10. The method in accordance with claim 9, wherein the step of depositing at least one layer further comprises mounting a blocking layer on said conducting layer.

11. A method of forming an organic photovoltaic cell, the method comprising: (a) disposing a titanium foil in an etching solution containing about 0.48 volume percent hydrofluoric acid for about 30 seconds;(b) depositing a layer of P3HT:PCBM on a first surface of the titanium foil;(c) depositing a layer of PEDOT 4083 upon a surface of the P3HT:PCBM layer on an opposite side from the titanium foil;(d) depositing at least a first layer of PEDOT 1000 on a surface of the PEDOT 4083 layer opposite the P3HT:PCBM layer; and(e) depositing a silver paste on said at least a first layer of PEDOT 1000.

12. The method in accordance with claim 11, wherein the step of depositing at least a first layer of PEDOT 1000 on a surface of the PEDOT 4083 layer opposite the P3HT:PCBM layer further comprises depositing a second layer of PEDOT 1000 on the first layer of PEDOT 1000 and then depositing a third layer of PEDOT on the second layer of PEDOT 1000.

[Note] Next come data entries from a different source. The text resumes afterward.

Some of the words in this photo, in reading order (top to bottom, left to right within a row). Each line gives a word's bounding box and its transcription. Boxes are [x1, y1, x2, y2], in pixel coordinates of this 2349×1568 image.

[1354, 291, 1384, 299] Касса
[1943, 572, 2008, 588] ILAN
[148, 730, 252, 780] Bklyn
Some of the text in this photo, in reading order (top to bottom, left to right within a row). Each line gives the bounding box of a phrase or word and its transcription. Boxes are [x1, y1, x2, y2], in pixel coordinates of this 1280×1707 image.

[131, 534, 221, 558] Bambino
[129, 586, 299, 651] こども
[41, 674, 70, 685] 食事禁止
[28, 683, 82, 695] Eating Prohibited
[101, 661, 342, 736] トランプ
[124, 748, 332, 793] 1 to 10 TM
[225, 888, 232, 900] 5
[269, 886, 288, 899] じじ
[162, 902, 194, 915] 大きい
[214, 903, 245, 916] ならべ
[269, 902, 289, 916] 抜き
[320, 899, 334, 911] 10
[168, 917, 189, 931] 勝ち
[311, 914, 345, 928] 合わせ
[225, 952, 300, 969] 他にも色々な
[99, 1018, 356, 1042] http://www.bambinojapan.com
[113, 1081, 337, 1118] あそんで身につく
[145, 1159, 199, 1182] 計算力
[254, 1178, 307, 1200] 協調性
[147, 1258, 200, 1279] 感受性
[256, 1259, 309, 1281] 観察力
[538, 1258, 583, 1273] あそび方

13. An organic photovoltaic cell comprising: (a) a titanium electrode layer;(b) at least one donor/acceptor polymer layer mounted to a surface of the titanium electrode layer;(c) at least one hole-conducting polymer layer mounted to a surface of the donor/acceptor polymer layer; and(d) an electrode mounted to a surface of the hole-conducting polymer layer.

14. The organic photovoltaic cell in accordance with claim 13, wherein the donor/acceptor layer comprises a P3HT:PCBM layer mounted on a first surface of the titanium electrode layer.

15. The organic photovoltaic cell in accordance with claim 14, wherein the hole-conducting polymer comprises at least one layer of PEDOT.

16. The organic photovoltaic cell in accordance with claim 15, wherein said at least one layer of PEDOT further comprises: (a) a layer of PEDOT 4083 mounted upon a surface of the P3HT:PCBM layer on an opposite side from the titanium electrode layer;(b) at least a first layer of PEDOT 1000 mounted on a surface of the PEDOT 4083 layer opposite the P3HT:PCBM layer; and(d) a silver paste mounted on said at least a first layer of PEDOT 1000.

17. The organic photovoltaic cell in accordance with claim 16, wherein said at least a first layer of PEDOT 1000 mounted on a surface of the PEDOT 4083 layer opposite the P3HT:PCBM layer further comprises a second layer of PEDOT 1000 mounted on the first layer of PEDOT 1000 and a third layer of PEDOT mounted on the second layer of PEDOT 1000.